Muchas empresas perciben el calor en la nave como algo inevitable. Llega junio, suben las temperaturas y el interior de la fábrica o almacén se vuelve cada vez más incómodo. Pero una nave industrial no se convierte en un horno solo porque fuera haga calor. Se calienta por una suma de factores que actúan al mismo tiempo.
La radiación solar sobre la cubierta, los materiales constructivos, la falta de aislamiento, el aire caliente acumulado en altura, la maquinaria, los procesos productivos y una ventilación mal resuelta pueden hacer que el interior de una nave alcance temperaturas muy difíciles de soportar.

La cubierta: el gran radiador olvidado
En muchas naves industriales, la cubierta es el principal punto de entrada de calor. Recibe radiación solar durante horas, alcanza temperaturas muy superiores a la temperatura ambiente y transmite ese calor hacia el interior. Si no hay aislamiento suficiente ni evacuación del aire caliente acumulado, la nave empieza a comportarse como un acumulador térmico.
Una nave industrial puede comportarse como un acumulador de calor: recibe energía durante horas, la retiene y la libera lentamente dentro del espacio de trabajo.
El aire caliente sube, pero no desaparece
En naves altas, el aire caliente tiende a acumularse en la parte superior. Esto puede dar una falsa sensación de seguridad: parece que el calor está arriba y no afecta tanto a la zona de trabajo. Sin embargo, si ese aire no se extrae, permanece dentro del edificio y acaba influyendo en todo el ambiente interior.
Que el aire caliente suba no significa que desaparezca. Si no se extrae, se queda dentro de la nave.
La maquinaria también calienta
No todo el calor procede del exterior. En muchas fábricas, talleres y almacenes, la propia actividad genera calor: compresores, motores, hornos, soldadura, prensas, líneas de producción, cuadros eléctricos o iluminación.
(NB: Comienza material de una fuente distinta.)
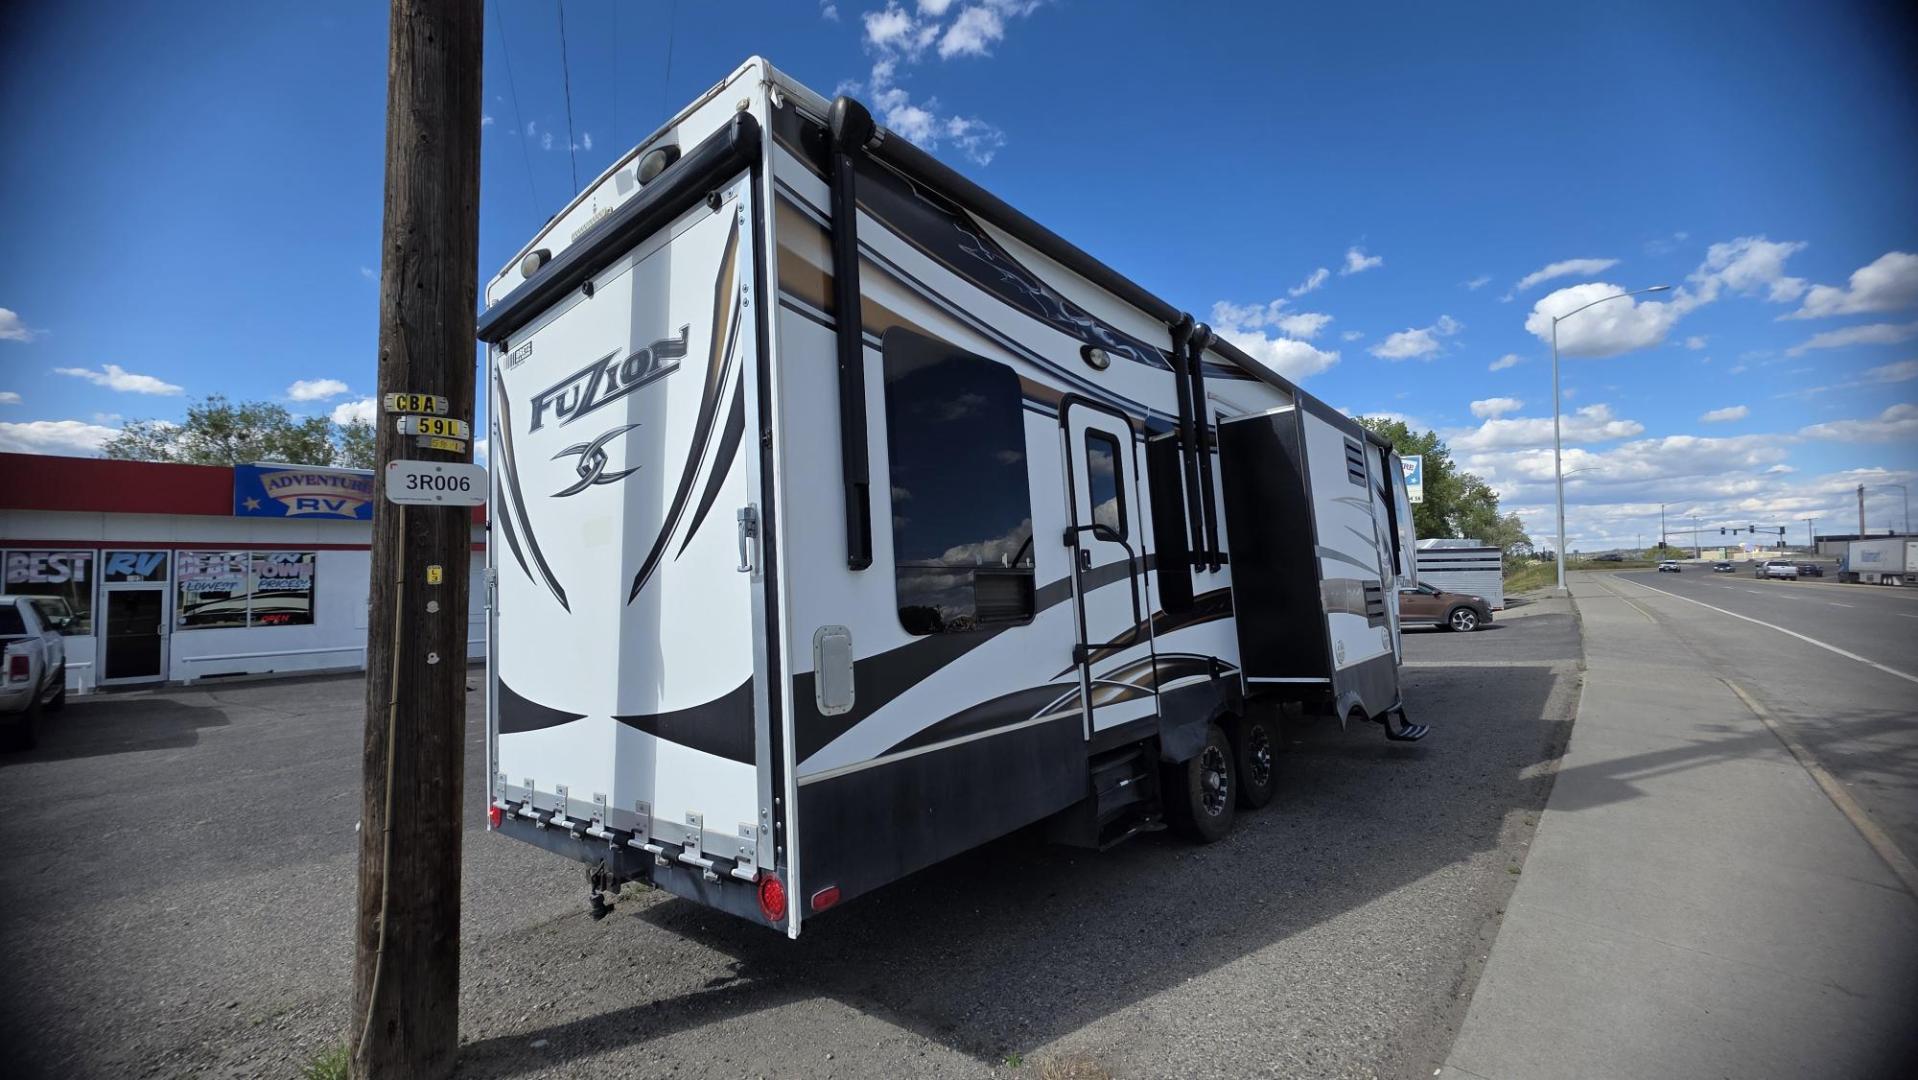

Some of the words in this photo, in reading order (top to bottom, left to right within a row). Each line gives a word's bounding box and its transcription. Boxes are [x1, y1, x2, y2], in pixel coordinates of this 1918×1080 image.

[396, 395, 434, 412] CBA
[420, 418, 456, 436] 59L
[406, 474, 470, 491] 3R006
[296, 498, 346, 511] RV
[7, 552, 92, 583] BEST
[106, 552, 165, 576] RV
[186, 581, 239, 591] LOWEST
Este calor de proceso puede convertir una nave en incómoda incluso en días en los que la temperatura exterior no parece extrema.
Abrir puertas no siempre soluciona el problema
Abrir puertas puede renovar aire, pero no garantiza confort térmico. Si no existe una circulación controlada, una entrada adecuada de aire y una salida eficaz del aire caliente, lo que se produce es una renovación desordenada. En ocasiones entra aire exterior caliente y la nave sigue sin evacuar correctamente el calor acumulado.
Los ventiladores alivian, pero no enfrían
Los ventiladores industriales pueden ser útiles para mejorar la sensación térmica. Pero conviene no confundir movimiento de aire con reducción de temperatura. Si el aire está a 35 °C, el ventilador mueve aire a 35 °C. Puede aliviar, pero no resuelve por sí solo un problema de exceso térmico estructural.
Qué soluciones atacan realmente el problema
- Reducir la entrada de calor mediante aislamiento, sombras o mejora de cubierta.
- Evacuar el aire caliente acumulado mediante extracción.
- Renovar aire de forma calculada y no solo abriendo puertas.
- Bajar la temperatura del aire introducido mediante enfriamiento evaporativo.
- Dirigir el aire hacia las zonas reales de trabajo.
Una nave industrial se convierte en un horno cuando el calor entra, se genera dentro y no encuentra una salida eficaz. Por eso, la solución no debe improvisarse: hay que entender de dónde viene el calor, dónde se acumula y cómo renovarlo de forma eficiente.